Глава 1: Тишина после бури
Пролог к этой истории написан не чернилами, а сиреной скорой помощи и пронзительным гулом аппаратуры. Он написан на асфальте дождливой ночью, пятном крови, которое дождь так и не смог смыть до конца. Его писала Юля, сама того не ведая, много лет назад, когда впервые надела белый халат и дала клятву, которая сейчас висела на ее шее гирей.
Тогда эти слова казались легкими, как пух: «Врач… торжественно клянусь… посвятить свои знания и умения предупреждению и лечению заболеваний, сохранению и укреплению здоровья человека…»
Клятва умалчивала, что делать, если здоровье одного человека неотделимо от смерти другого. Твоего человека.
Но это было потом. А в тот вечер смена в реанимации городской клинической больницы №1 начиналась как сотни других.
Воздух был густым и стерильным, пахло хлоркой, антисептиком и подвальной сыростью, которую не мог победить даже мощнейший кондиционер. Царство белого света, мерцающих мониторов и тихого, ритмичного посвистывания и пощелкивания аппаратов искусственной вентиляции легких. Это был свой собственный оркестр, исполняющий бесконечную симфонию на грани жизни и небытия. Для Юли Черкашиной этот хаос был единственным порядком, который она безоговорочно признавала. Здесь все подчинялось законам физиологии, химии, четким алгоритмам действий. Здесь не было места сомнениям. Или должно было не быть.
Она закончила обход, ее шаги по кафельному полу были быстрыми и четкими. Высокая, поджарая, с собранными в тугой узел темными волосами, она казалась воплощением холодной собранности. Взгляд больших серых глаз, обычно прямой и жесткий, сейчас был прикован к истории болезни в планшете. Лишь легкая тень усталости в уголках рта и глубокие тени под глазами выдавали тринадцатый час непрерывной работы.
– Семенову увеличиваем дозу добутамина, – бросила она медсестре Марине, женщине с умным, уставшим лицом и золотыми руками. – Центральное венозное давление падает. Петрову – готовимся к экстубации, сатурация стабильная. Следующий контроль анализов – через два часа.

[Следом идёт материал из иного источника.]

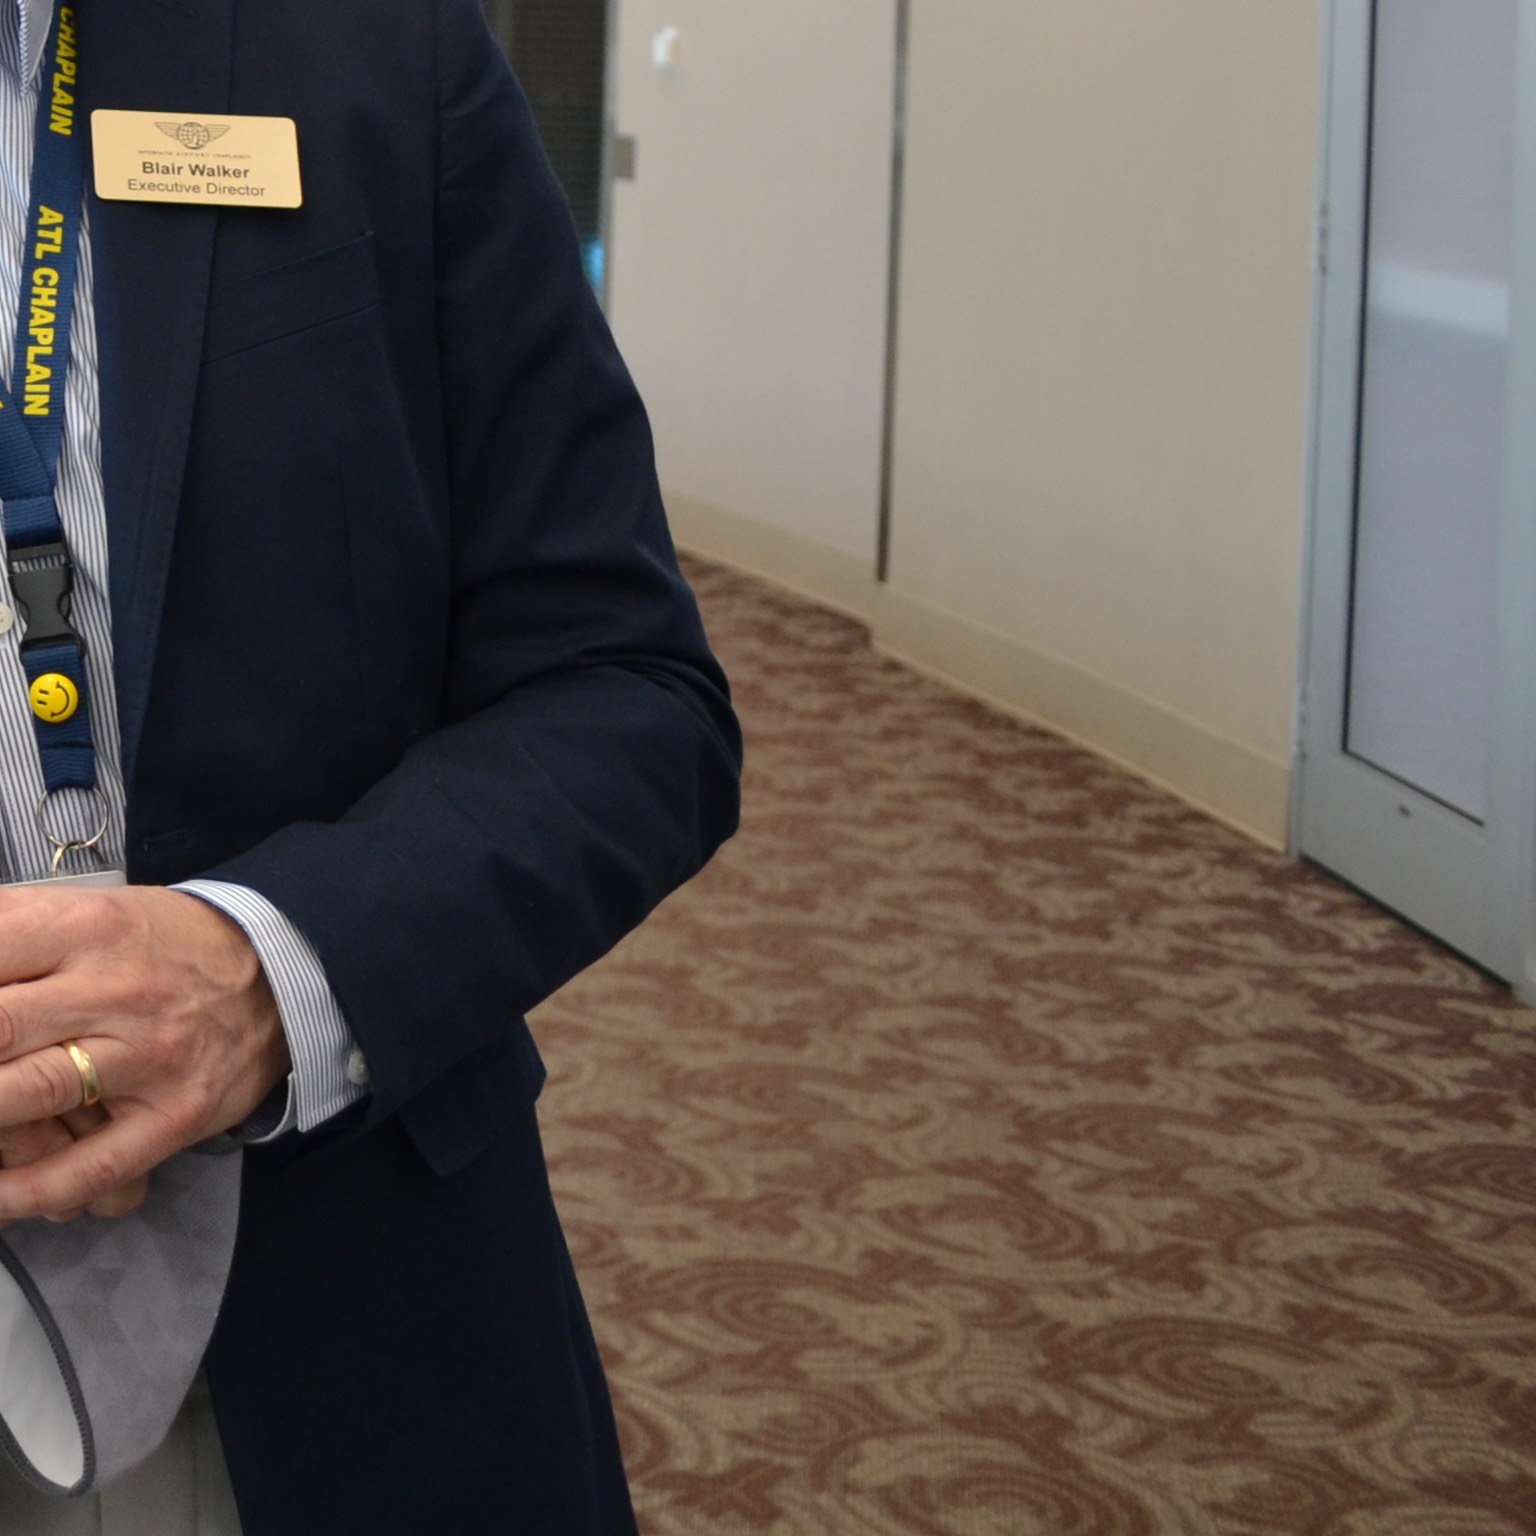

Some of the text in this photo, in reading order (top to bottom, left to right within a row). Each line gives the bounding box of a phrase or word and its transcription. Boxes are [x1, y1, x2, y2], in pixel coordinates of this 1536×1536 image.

[49, 7, 78, 136] CHAPLAIN
[127, 178, 266, 197] Executive Director
[141, 160, 251, 179] Blair Walker
[23, 204, 64, 416] ATL CHAPLAIN

– Юля Сергеевна, вам бы перед ночным дежурством отдохнуть хоть чуть, – мягко заметила Марина, принимая планшет. – Вы с утра на плановой операции, потом консилиум, а теперь и тут…
– Я в порядке, Марина Васильевна, – Юля механически провела рукой по лбу. – Кофе еще не кончился?
– Весь выпили. Новую смену заварю.
В дверях поста дежурной медсестры появился молодой санитар Андрей.
– Юля Сергеевна, вас в третью просят! Только что поступил.
Третья палата – палата для самых тяжелых, «ходоков у края», как их между собой называли медики. Туда не привозили тех, кого можно было легко откачать.
Юля кивнула и, отбросив усталость, двинулась вперед. Тело само переключилось в режим автопилота, тот самый, что отключал все лишнее, оставляя только концентрацию, знания и рефлексы.
В палате царила привычная суета. Двое медбратьев уже перекладывали на центральную койку тело мужчины, подключенное к портативному монитору и кислородному баллону. Рядом суетился бледный, вспотевший врач приемного покоя Артем.
– Что у нас? – голос Юли прозвучал ровно, без эмоций.
– Мужчина, примерно сорок пять-пятьдесят лет. Доставлен скорой. ДТП, лобовое, на трассе. Не пристегнут. Водитель, – Артем задышался, выдавая информацию обрывками. – Тяжелая черепно-мозговая травма, предположительно контузия, множественные переломы ребер, гемоторакс слева, закрытый перелом бедра. Давление семьдесят на сорок, сатурация восемьдесят девять, без сознания.
Юля уже была у койки. Ее глаза скользнули по монитору, по лицу пострадавшего. Лицо было разбито в кровоподтеках, распухшее, один глаз заплыл. Из пореза на лбу сочилась алая струйка. Дышал он хрипло, прерывисто, с явным усилием. Дыхание справа почти не прослушивалось – легкое было поджато воздухом или кровью, скопившейся в плевральной полости.